Requires Medicare-discharge information to include hospice and home health service availability, with a 2026 effective date.

The Brief

The End-of-life Access to Supportive and Essential care Act of 2025 (EASE Act) would require hospitals to provide information about hospice programs to individuals upon discharge under the Medicare program, expanding the current set of discharge-related information. The bill amends Section 1861(ee)(2)(D) to add details about the availability of home health services and hospice care through programs that participate in the Medicare program and serve the patient’s geographic area, including individuals who are likely to need hospice or home health services.

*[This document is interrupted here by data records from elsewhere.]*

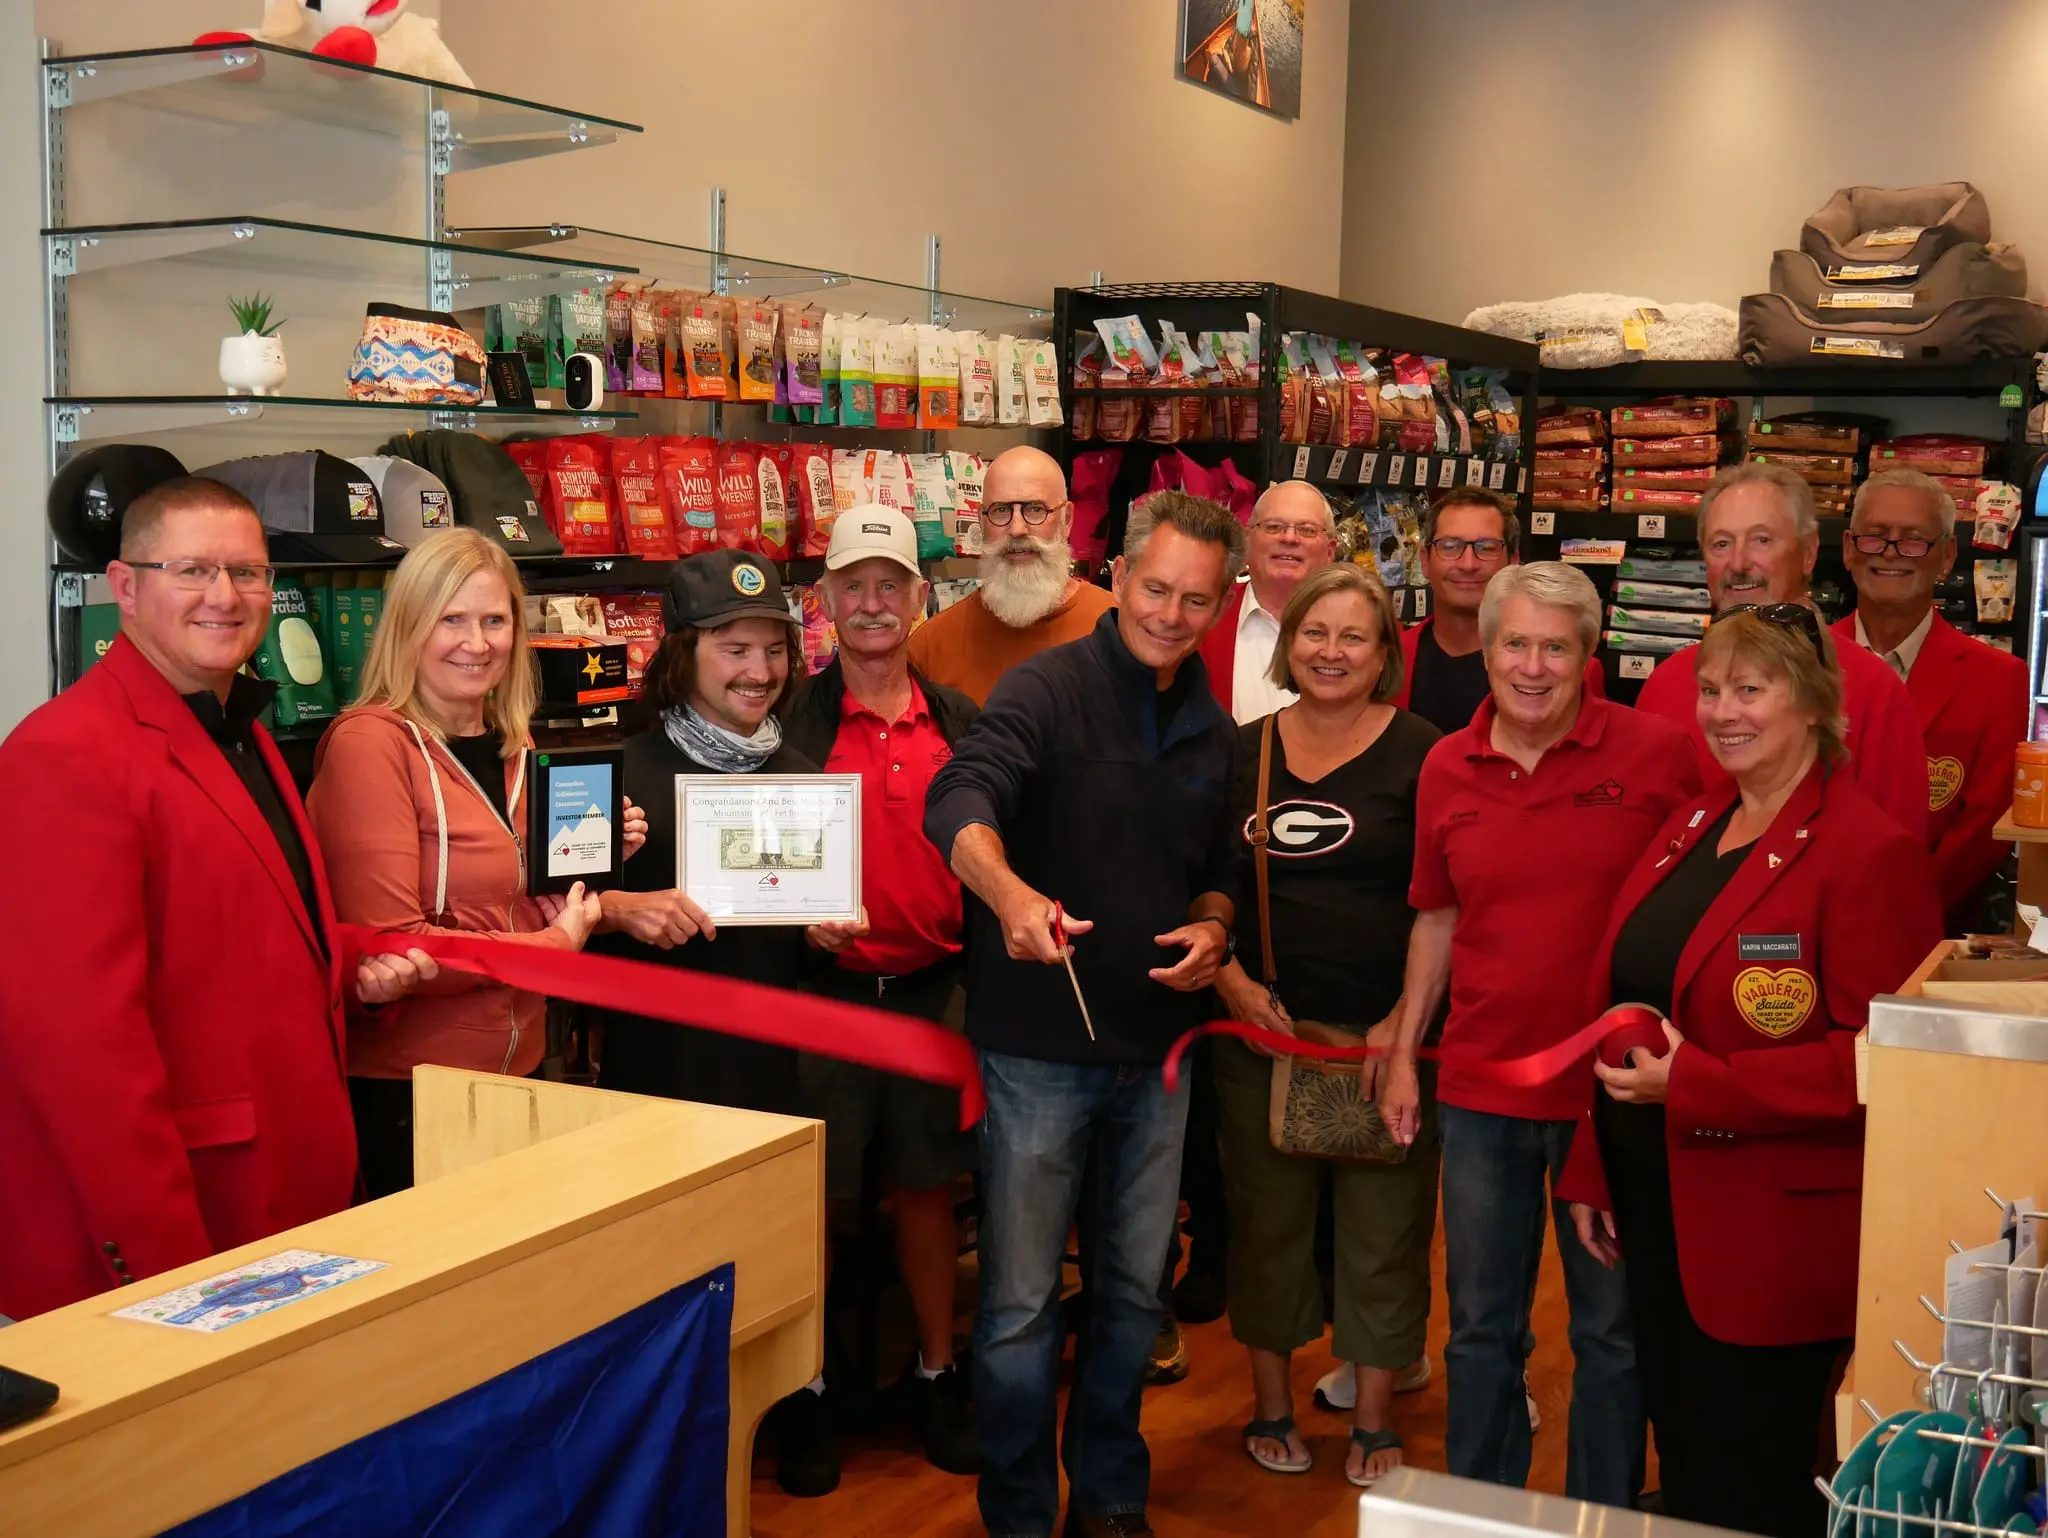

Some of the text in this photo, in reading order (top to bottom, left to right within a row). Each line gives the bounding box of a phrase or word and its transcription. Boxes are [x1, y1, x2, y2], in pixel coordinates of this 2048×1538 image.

[686, 317, 713, 328] TRICKY
[678, 469, 712, 494] WILD
[719, 467, 754, 491] WILD
[561, 484, 592, 498] CRUNCH
[958, 482, 983, 493] JERKY
[624, 490, 647, 503] CRUNCH
[272, 588, 304, 601] earth
[272, 600, 306, 614] rated
[834, 797, 846, 806] To
[555, 812, 606, 822] INVESTOR MEMBER
[1742, 943, 1798, 951] KARIN NACCARATO
[1741, 982, 1809, 1004] VAQUEROS
[1755, 997, 1797, 1012] Salida

The amendments take effect for discharges occurring on or after January 1, 2026. The change does not create a new entitlement or guarantee coverage; it creates an obligation to inform patients so they can make timely decisions about end-of-life care and align discharge planning with available community resources.

At a Glance

What It Does

Hospitals must provide information on hospice programs and home health services to Medicare patients at discharge. The information must reflect hospice availability through programs that participate in the Medicare program and that serve the patient’s area; the amendments apply to discharges on or after January 1, 2026.

Who It Affects

Hospitals and discharge-planning teams; Medicare beneficiaries likely to need home health or hospice services; hospice programs that participate in Title XVIII and the home health agencies serving the patient’s locality.

Why It Matters

Gives patients a clear, local set of end-of-life care options at a critical decision point, supporting informed choices and continuity of care while shaping discharge planning workflows.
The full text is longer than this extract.